Es cierto que el libro responde a su título: es un diccionario (no es exhaustivo pero las entradas están ordenadas alfabéticamente) y es apasionado, porque las opiniones de Lemaitre, cuya altura es 1,45 m, son firmes y abundantes. Cuando alguien elogia o rechaza todo lo que se le pasa por delante, es imposible no encontrar en sus juicios ciertas contradicciones, como si las normas de las que se deducen no fueran coherentes. Todo crítico se ha encontrado frente a una obra pensando: “Esto no me debería gustar, pero sin embargo...” o viceversa.
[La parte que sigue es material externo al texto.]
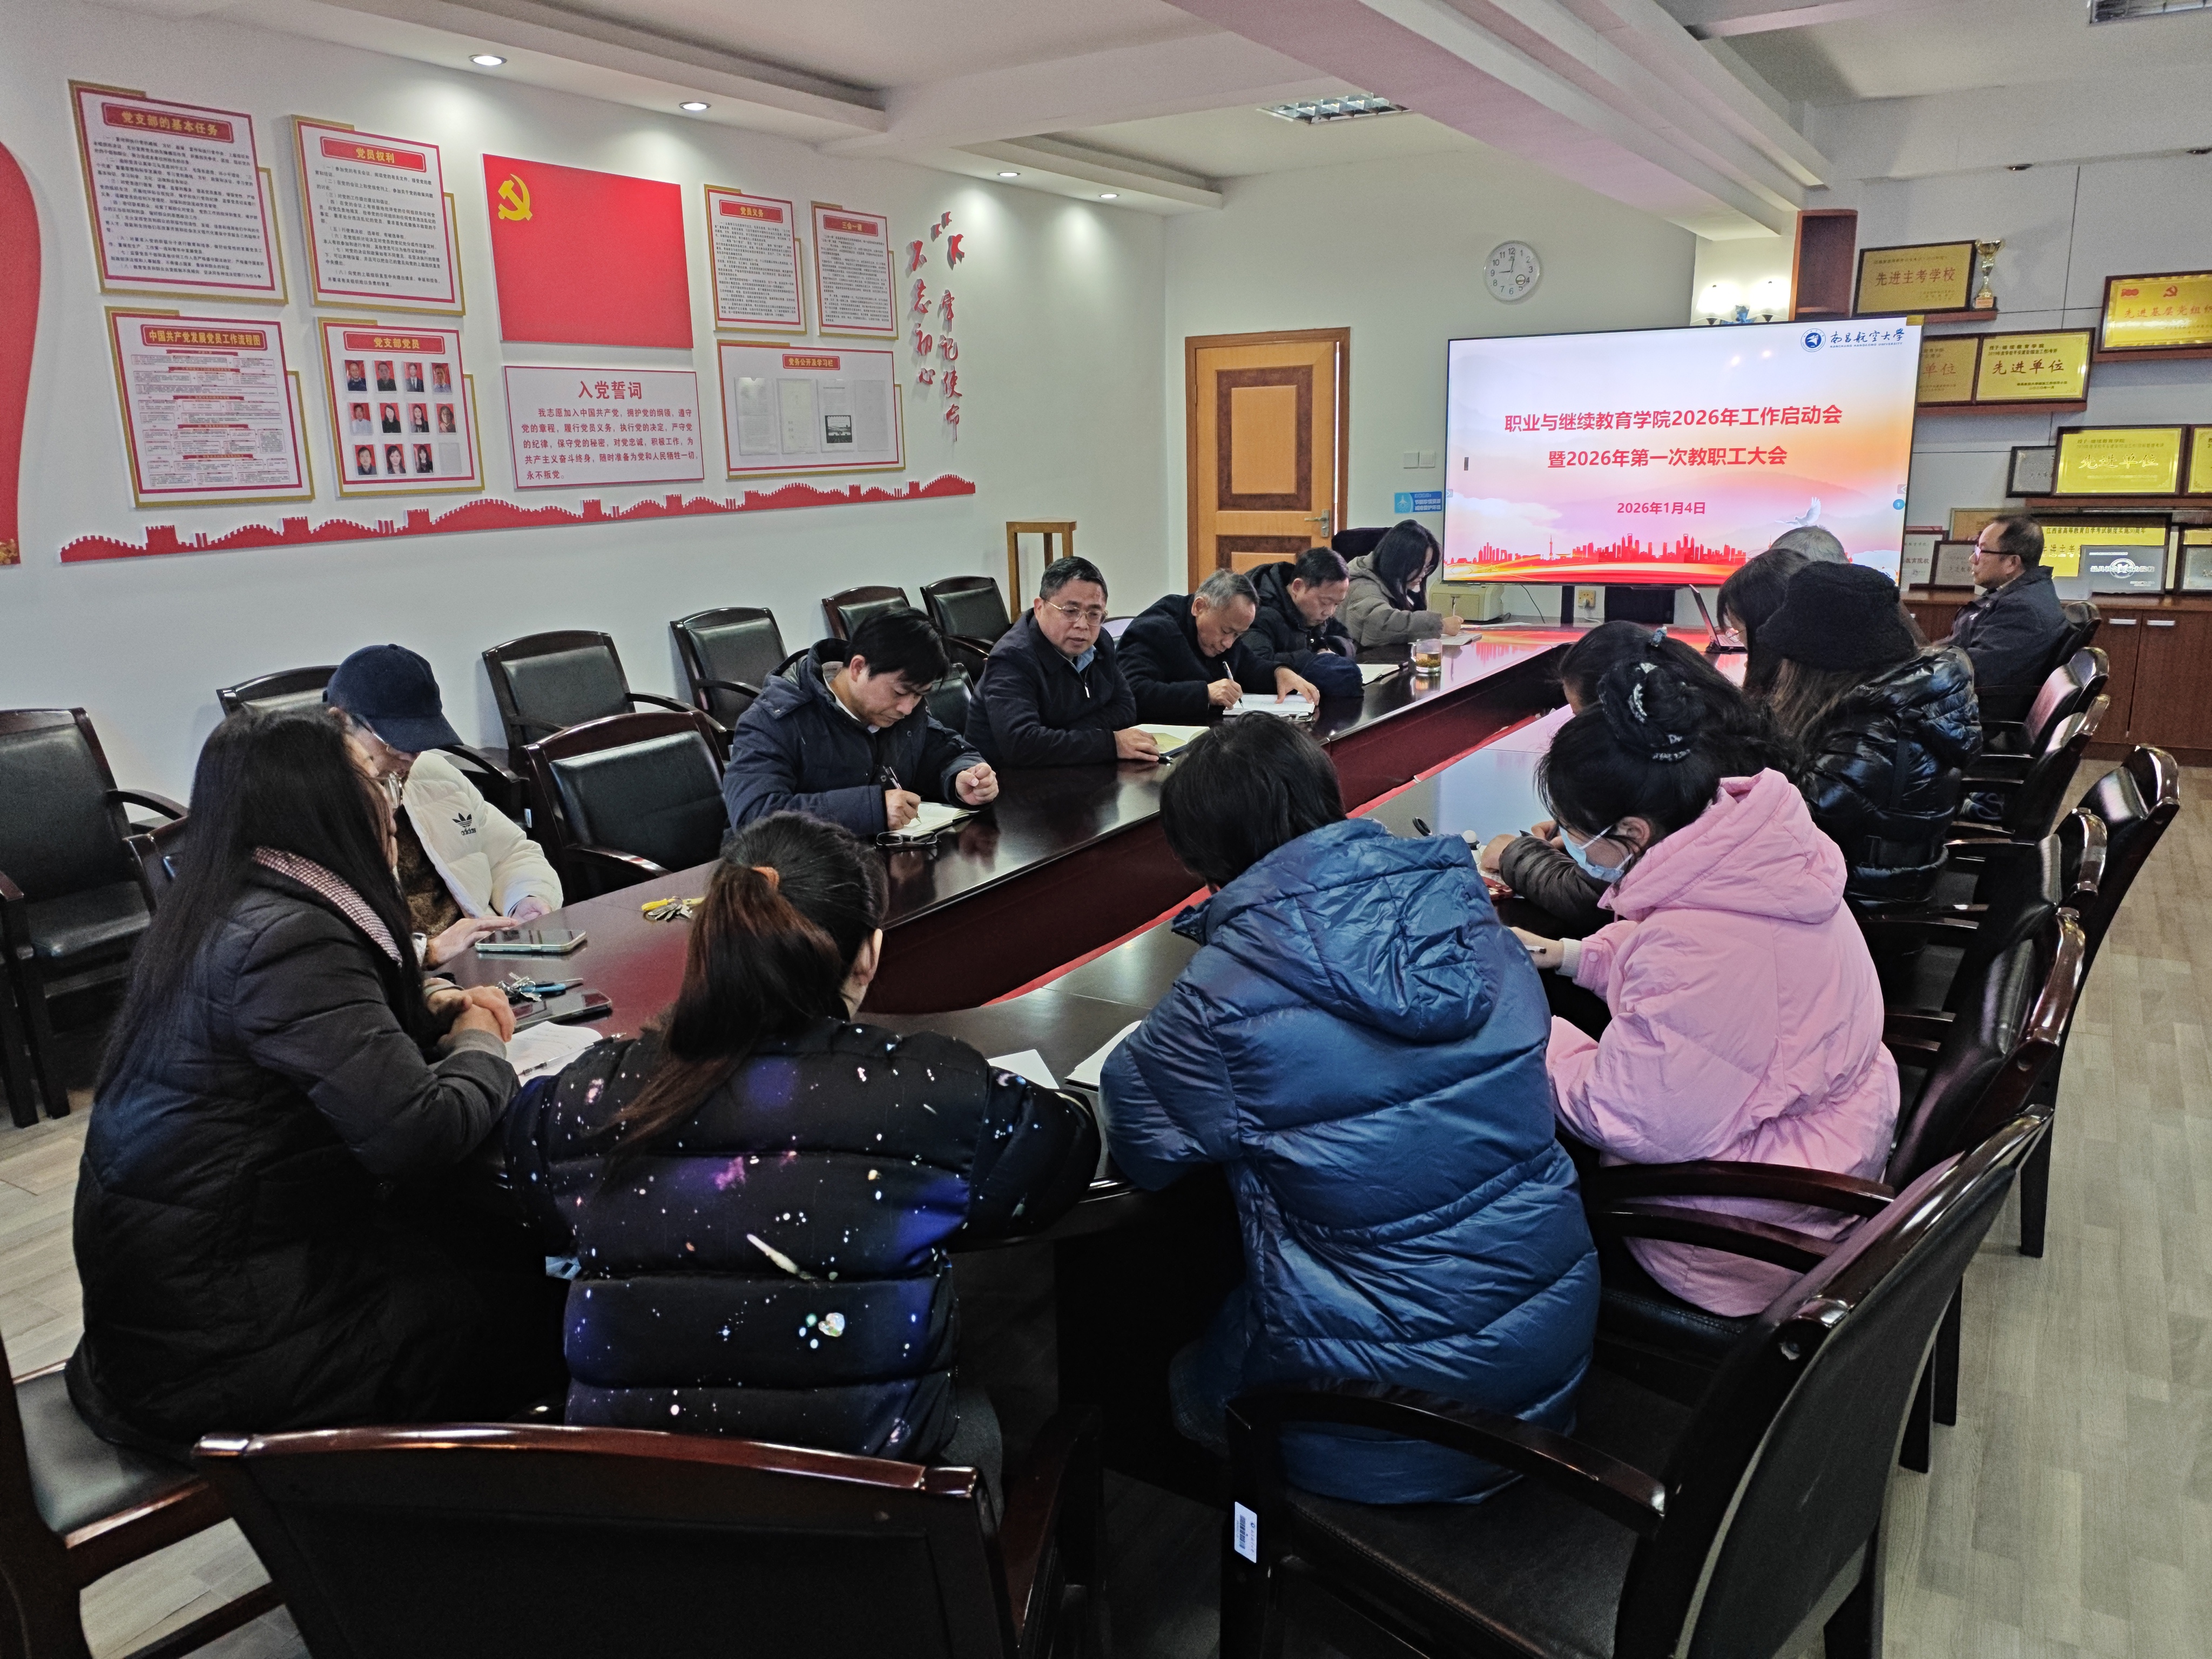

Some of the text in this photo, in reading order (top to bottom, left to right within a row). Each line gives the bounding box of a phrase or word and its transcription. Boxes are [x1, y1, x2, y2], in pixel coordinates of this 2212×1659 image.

Y eso suele ser un problema. Pero con Lemaitre tengo dos. El primero es que es un crítico muy ideológico que parte de la idea de que la novela negra es el mejor mecanismo para denunciar la injusticia social, y así se siente obligado a elogiar todo lo que sea de izquierda aunque no le guste. Por ejemplo, las novelas del chileno Díaz Eterovic: las recomienda porque Pinochet y el neoliberalismo, etcétera. Pero a la hora de decir algo más preciso reconoce que “si buscan tramas complejas, rigurosas y detalladas, me temo que Díaz Eterovic no es para ustedes”. Al final compensa: “Si les gustan las novelas ambulatorias, las historias en que se recorren ciudades y se callejea, las suyas les encantarán: Díaz Eterovic es el mejor guía turístico del Santiago clandestino”. No creo que el autor esté muy contento con la descripción que hace el crítico. Recíprocamente, cuando aparece alguien de derecha, Lemaitre se sulfura. Por ejemplo, con James Ellroy, a quien pondera a regañadientes no sin antes decir una vulgaridad como: “En la foto de familia de Trump, Ellroy estaría a la derecha de Clint Eastwood”. Pero con Eastwood, en particular, tiene algo. Le gusta mucho una novela de Trevanian, The Eiger Sanction, que Clint llevó al cine, pero Lemaitre se pregunta si Eastwood entendió lo que había leído. 

Lemaitre hace una excepción con Simenon, a quien pone por las nubes de la primera a la última página del diccionario. Confrontado con las ideas políticas del belga, las mezcla con sus costumbres sexuales y dice que está cansado de escuchar hablar de todo eso. Si Cantona solía meter la pelota adentro, Lemaitre es un especialista en tirarla afuera. Pero hasta los deshonestos tienen un gran momento y el de Lemaitre es aquel en el que defenestra los policiales escandinavos.